# micropython-fourier

**Repository Path**: liuyuhouse/micropython-fourier

## Basic Information

- **Project Name**: micropython-fourier
- **Description**: Fast Fourier transform in MicroPython's inline ARM assembler.
- **Primary Language**: Unknown
- **License**: MIT
- **Default Branch**: master
- **Homepage**: None
- **GVP Project**: No

## Statistics

- **Stars**: 0
- **Forks**: 1
- **Created**: 2021-05-19
- **Last Updated**: 2021-05-19

## Categories & Tags

**Categories**: Uncategorized

**Tags**: None

## README

Single precision FFT written in ARM assembler
=============================================

V0.52 6th Oct 2019  
Author: Peter Hinch  
Requires: ARM platform with FPU (e.g. Pyboard 1.x, Pyboard D). Any firmware
version dated 2018 or later.  

# Contents

 1. [Overview](./README.md#1-overview)  
 2. [Design](./README.md#2-design)  
  2.1 [Future development](./README.md#21-future-development)  
 3. [Getting Started](./README.md#3-getting-started)  
 4. [The DFT class](./README.md#4-the-dft-class)  
  4.1 [Conversion types](./README.md#41-conversion-types)  
  4.2 [The populate function](./README.md#42-the-populate-function)  
  4.3 [The window function](./README.md#43-the-window-function)  
  4.4 [FORWARD transform](./README.md#44-forward-transform)  
  4.5 [REVERSE transform](./README.md#45-reverse-transform)  
  4.6 [POLAR transform](./README.md#46-polar-transform)  
  4.7 [DB transform](./README.md#47-db-transform)  
 5. [The DFTADC class](./README.md#5-the-dftadc-class)  
 6. [Implementation](./README.md#6-implementation)  
 7. [Note for beginners](./README.md#7-note-for-beginners)  
 8. [Performance](./README.md#8-performance)  
 9. [Whimsical observations](./README.md#9-whimsical-observations)  

# 1. Overview

The `DFT` class is intended to perform a fast discrete fourier transform on an
array of data typically received from a sensor. Apart from initialisation most
of the code is written in ARM assembler for speed. It uses the floating point
coprocessor and does not allocate heap storage: it can therefore be called from
a MicroPython interrupt handler. See [section 8](./README.md#8-performance) for
benchmark results on the various Pyboard options.

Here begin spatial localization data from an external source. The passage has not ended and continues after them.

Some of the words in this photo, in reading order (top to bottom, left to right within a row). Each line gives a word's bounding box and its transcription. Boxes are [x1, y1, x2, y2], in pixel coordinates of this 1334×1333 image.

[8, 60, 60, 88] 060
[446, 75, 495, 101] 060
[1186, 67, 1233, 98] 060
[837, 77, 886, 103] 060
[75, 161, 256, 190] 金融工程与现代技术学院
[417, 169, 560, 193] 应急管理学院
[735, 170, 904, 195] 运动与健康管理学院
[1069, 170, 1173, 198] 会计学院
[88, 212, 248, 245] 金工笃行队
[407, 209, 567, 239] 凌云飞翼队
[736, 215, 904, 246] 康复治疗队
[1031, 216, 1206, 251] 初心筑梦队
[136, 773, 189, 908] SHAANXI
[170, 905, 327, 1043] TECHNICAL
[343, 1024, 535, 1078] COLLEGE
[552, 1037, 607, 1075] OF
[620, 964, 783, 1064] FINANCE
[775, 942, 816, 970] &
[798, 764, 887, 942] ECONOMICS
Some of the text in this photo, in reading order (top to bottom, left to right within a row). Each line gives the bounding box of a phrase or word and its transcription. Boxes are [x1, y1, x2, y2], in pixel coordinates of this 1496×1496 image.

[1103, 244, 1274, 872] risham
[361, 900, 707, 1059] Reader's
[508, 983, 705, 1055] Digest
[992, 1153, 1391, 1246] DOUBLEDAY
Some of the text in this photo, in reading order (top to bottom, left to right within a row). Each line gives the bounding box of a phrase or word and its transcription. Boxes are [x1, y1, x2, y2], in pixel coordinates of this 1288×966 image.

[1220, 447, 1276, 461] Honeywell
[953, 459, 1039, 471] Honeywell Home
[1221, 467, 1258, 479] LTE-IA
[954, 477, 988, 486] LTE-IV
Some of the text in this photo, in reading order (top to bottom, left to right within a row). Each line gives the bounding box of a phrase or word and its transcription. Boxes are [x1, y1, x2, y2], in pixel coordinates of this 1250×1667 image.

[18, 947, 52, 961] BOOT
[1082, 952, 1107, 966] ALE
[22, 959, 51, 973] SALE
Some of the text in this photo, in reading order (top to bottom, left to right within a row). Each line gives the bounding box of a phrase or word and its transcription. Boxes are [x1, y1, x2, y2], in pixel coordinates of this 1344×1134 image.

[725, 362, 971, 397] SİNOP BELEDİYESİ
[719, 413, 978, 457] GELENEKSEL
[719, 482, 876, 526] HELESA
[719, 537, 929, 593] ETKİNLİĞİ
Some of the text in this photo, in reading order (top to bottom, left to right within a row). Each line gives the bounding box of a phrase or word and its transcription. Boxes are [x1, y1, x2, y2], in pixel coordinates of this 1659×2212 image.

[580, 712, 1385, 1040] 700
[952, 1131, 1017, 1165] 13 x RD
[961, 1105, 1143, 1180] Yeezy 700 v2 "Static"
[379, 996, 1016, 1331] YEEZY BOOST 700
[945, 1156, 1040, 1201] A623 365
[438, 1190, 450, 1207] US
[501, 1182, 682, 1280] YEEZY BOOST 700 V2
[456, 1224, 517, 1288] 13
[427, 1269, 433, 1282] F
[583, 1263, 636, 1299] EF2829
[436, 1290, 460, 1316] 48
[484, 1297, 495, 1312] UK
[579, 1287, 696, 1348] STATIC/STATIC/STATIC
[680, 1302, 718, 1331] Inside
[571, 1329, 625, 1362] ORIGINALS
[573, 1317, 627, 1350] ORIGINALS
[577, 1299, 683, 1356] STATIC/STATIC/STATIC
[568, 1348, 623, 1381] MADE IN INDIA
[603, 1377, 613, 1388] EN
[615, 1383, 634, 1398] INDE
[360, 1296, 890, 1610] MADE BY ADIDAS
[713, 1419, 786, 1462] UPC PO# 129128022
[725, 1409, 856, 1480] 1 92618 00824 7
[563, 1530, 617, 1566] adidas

The DFT is performed using the Cooley-Tukey algorithm. This requires arrays of
length 2**N where N is an integer. The "twiddle factors" are precomputed in
Python. The algorithm performs the conversion in place to minimise RAM usage
(i.e. the results appear in the same arrays as the source data).

Inverse transforms and fast Cartesian to polar conversion are supported, as is
the use of window functions. There is an option to convert polar magnitudes to
dB.

The principal purpose of this library is for processing signals acquired from a
Pyboard ADC. Features are targeted at typical engineering applications. It can
be used with arbitrary data in other applications, but such users may also want
to consider [ulab](https://github.com/v923z/micropython-ulab.git) which is a
"micro" version of NumPy implemented as a C module.

# 2. Design

This code obsoletes my integer based converter which was written before the
inline assembler supported floating point instructions: the ARM FPU is so fast
that integer code offers no speed advantage. The use of floating point avoids
problems with scaling and loss of precision which become apparent when integers
are used for transforms with more than 256 bins.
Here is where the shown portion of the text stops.